Kents Directory 1794 for the Cities of London & Westminster and Borough of Southwark.

George Rigby merchant City Chambers 121 Bishopsgate Within.  Tipping Rigby merchant 15 Ludgate Street.

 

George Rigby died in 1802 and in his Will given below appointed his wife Elizabeth Rigby the sole executrix.  Beneficiaries included his daughters Sarah Ann wife of Thomas Cotton of Enfield and Elizabeth Jane wife of Thomas Turner Weatherhead of Wapping. 

Gentleman's Magazine Obituary 15 February 1802.  At Stoke Newington aged 63 George Rigby esq  merchant.

 

George Rigby - Will dated 13 December 1800 proved 6 March 1802.
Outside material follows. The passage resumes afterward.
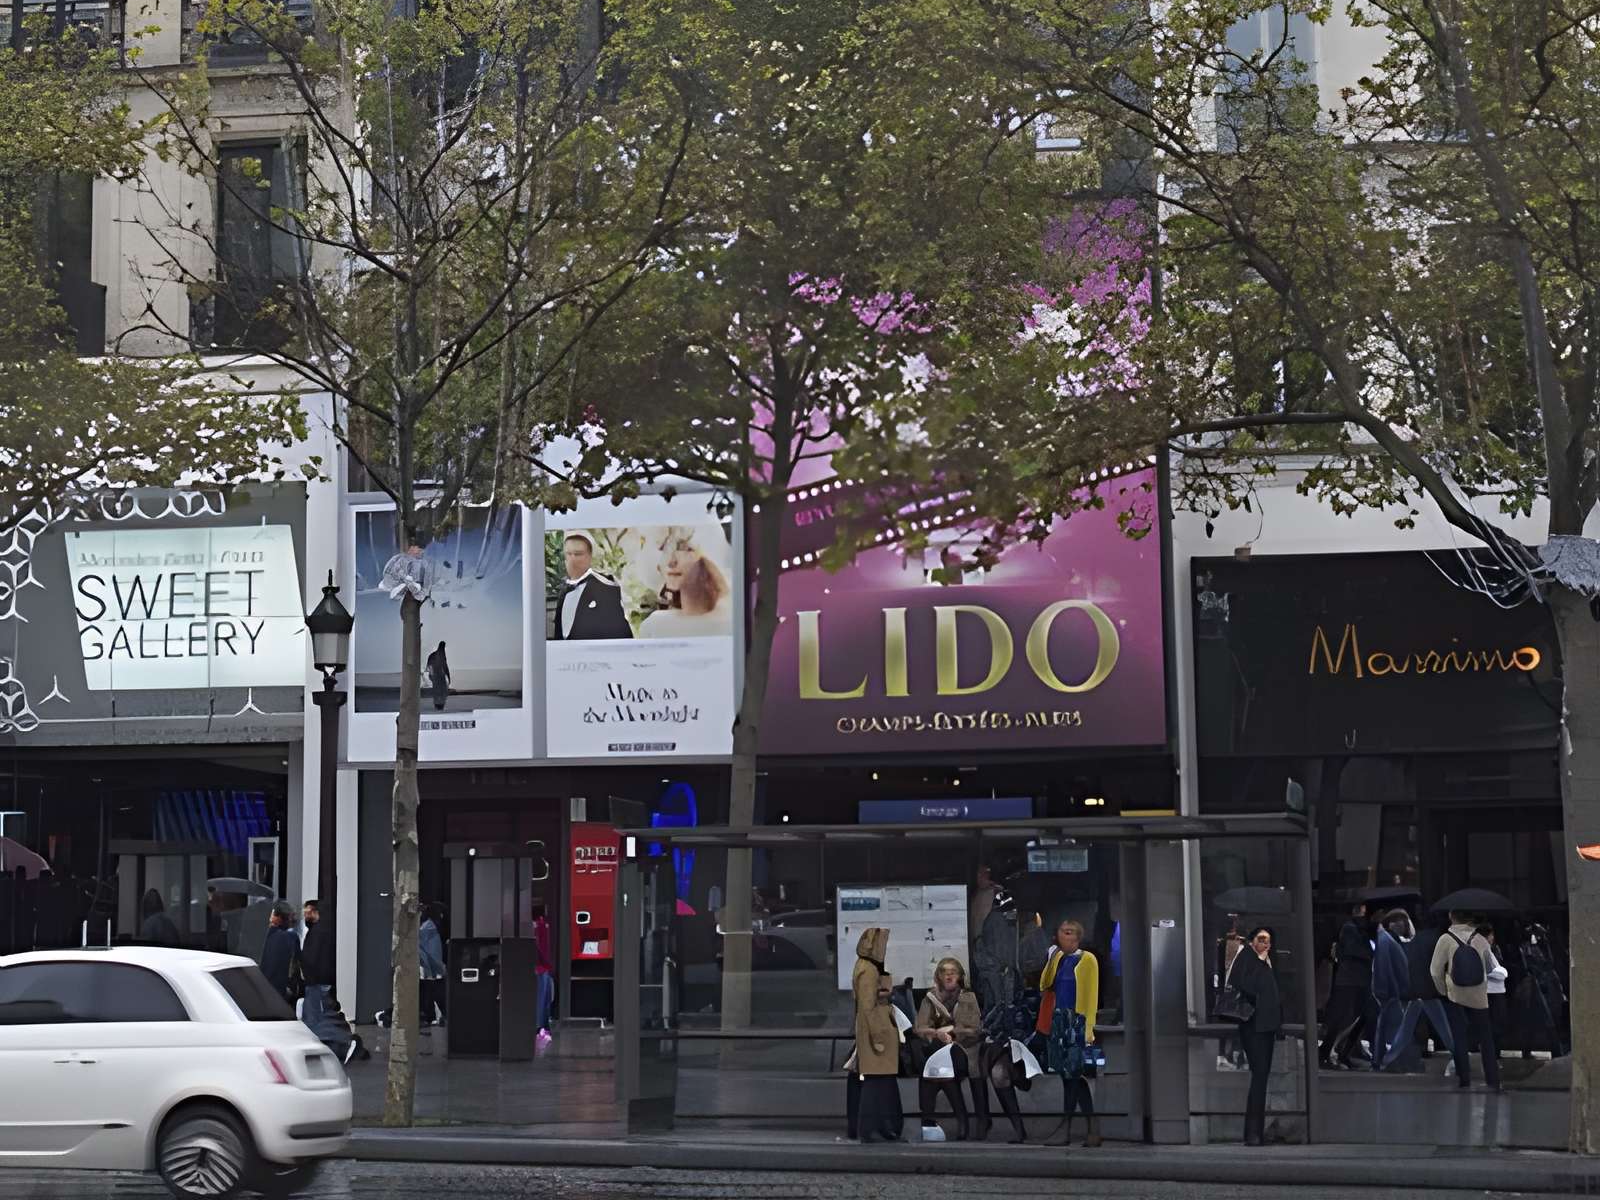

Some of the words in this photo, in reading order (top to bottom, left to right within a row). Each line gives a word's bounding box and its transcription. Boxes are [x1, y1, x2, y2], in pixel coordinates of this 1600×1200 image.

[76, 570, 265, 621] SWEET
[79, 620, 265, 660] GALLERY
[797, 600, 1120, 699] LIDO
Summary.  George Rigby of Stoke Newington in the county of Middlesex being in sound mind and memory do make my last Will and Testament being desirous to be buried in the Old Jewry provided I can lie in the same vault with my first wife Sarah Ann Rigby and her children and should die within ten miles of London.  I bequeath to my present wife Elizabeth Rigby all my estates debts bonds securities for money of whatever kind and sort whatsoever also plate jewels books household furniture horses and everything belonging to me of every sort to have and to hold free and uninterruptedly during her natural life and after her decease then I bequeath all the fortune she may possess under this Will to any children.  He devised all property his wife Elizabeth Rigby died possesed of as follows one third part each to son in law Isaac Dupuy and his heirs for ever and to daughter Sarah Ann Cotton wife of Thomas Cotton of Cornhill in trust for all her children to be invested and divided amongst them as they attain their majorities.  The other third part of property he devised in trust to son in law Isaac Dupuy to invest in securites the proceeds payable to daughter Elizabeth Jane Weatherhead wife of Thomas Turner Weatherhead of Wapping for her sole use and after her decease by her Will to her children.  He gave rings to his sons in law and their wives and to his brother and sister Rigby and to Joseph Isaacs servant £100 and wearing apparel and mourning to all house servants.  By the marriage settlement of daughter Sarah Ann Rigby and Thomas Cotton £350 was payable from the Stoke Newington leasehold estate but now only payable if his wife Elizabeth Rigby was obliged to leave her house at Stoke Newington then the executors may demand payment so she may enjoy the interest for life and after said sum into general stock.

 

I appoint my wife Elizabeth Rigby the executrix.  In witness hereof I have hereunto set my hand and seal 13 December 1800 Stoke Newington Middlesex - George Rigby (Is) witnessed John Broadbridge. Joseph Foster churchwardens. Wm. Higgins.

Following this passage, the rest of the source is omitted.